Did you adjust for temp? Did you stir your wort pre boil? You can get stratification of gravities if you don't. Have you calibrated your hydrometer?
 
As likeziegler said, because you decrease volume during the boil (evaporation) and lose no sugar, the gravity will increase. This increase will be directly proportional to the volume that you lose.
 
I was with Chris on that day and it confused the heck out of me also. We did two batches, both a red ale. The one I did the SG of pre-boil and post boil changed, while the one that Chis did did not. He did stir and mix very well his pre-boil, that I don't believe was the the issue. We both used the same hydrometer so while I had two different readings and he did not is confusing the heck out of me. I know that with evaporation that the post boil should of gone up. Temp was adjusted for on both pre and post.
 
Thank you all for replying. Slapnutz, I did all that you asked and yes the hydrometer is calibrated. And I understand what the other posts described about lose of water and higher sugar amounts thus higher readings. However, my starting and ending gravities were the same, they did not change and that is the confusing part. Could it be that I did not have my water temperature high enough when I steeped my grains? That would be the only thing that was out of the normal.?
 
Get a refractomenter if you want to make quick and precise gravity readings on the hot side. I personally only use my refractometer on the hot side and only use my hydrometer for the cold side. I used both on the hot side until everything was calibrated and consistent.
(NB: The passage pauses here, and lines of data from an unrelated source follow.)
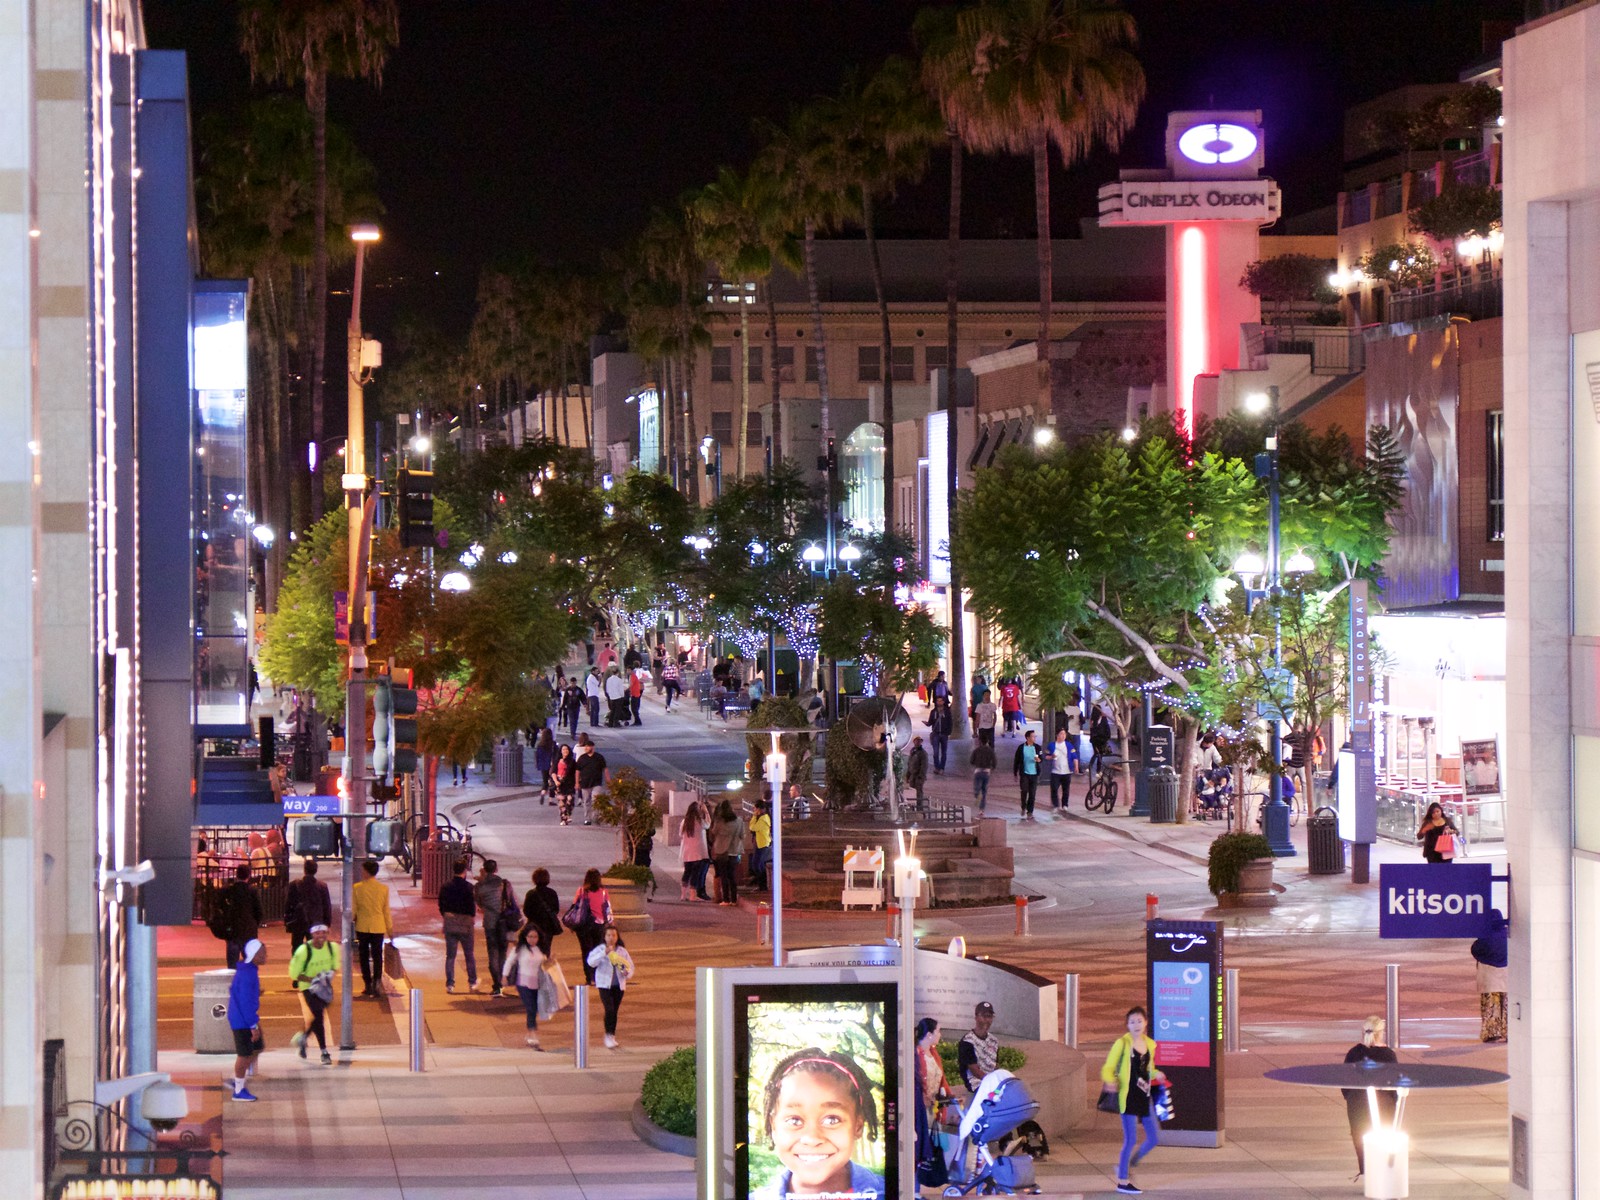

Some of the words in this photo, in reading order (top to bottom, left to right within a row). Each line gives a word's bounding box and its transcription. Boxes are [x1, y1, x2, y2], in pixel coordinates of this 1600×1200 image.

[1127, 192, 1200, 207] CINEPLEX
[1206, 191, 1265, 206] ODEON
[1356, 596, 1365, 682] BROADWAY
[1155, 746, 1163, 755] 5
[1389, 887, 1484, 914] kitson
[1159, 977, 1179, 985] YOUR
[1159, 987, 1193, 996] APPETITE
A hydrometer is too much trouble on the hot side. If you aren't letting your sample cool then you can't really temperature correct unless your sample is pretty close to the calibration point. If you are calibrated at 60F and are temperature correcting at 170F then you aren't getting accurate readings. To get accurate readings, you must cool your wort to close you your calibration temperature so that you can accurately use those temperature adjustment calculations. This is not exactly a fast way of doing things and will prohibit you from making adjustments on the fly. A refractometer solves these problems. Get one.

I'm not exactly sure what your process was but it seems to me that there was some user error with the hydrometer.
 
The second reading from the hydrometer was after immersion chilling to 76 degrees. The process, steep the grains, batch sparge, boil, cool, pitch, ferment. A very simple recipe. It tasted great and that's what matters but I enjoy the science and wanted to find the reasoning behind the specific gravity not being different and understand how, if at all, it will effect the taste or ferment ability. Then next time, if it's as great after conditioning as it was at wort, I do it the same for that same great taste.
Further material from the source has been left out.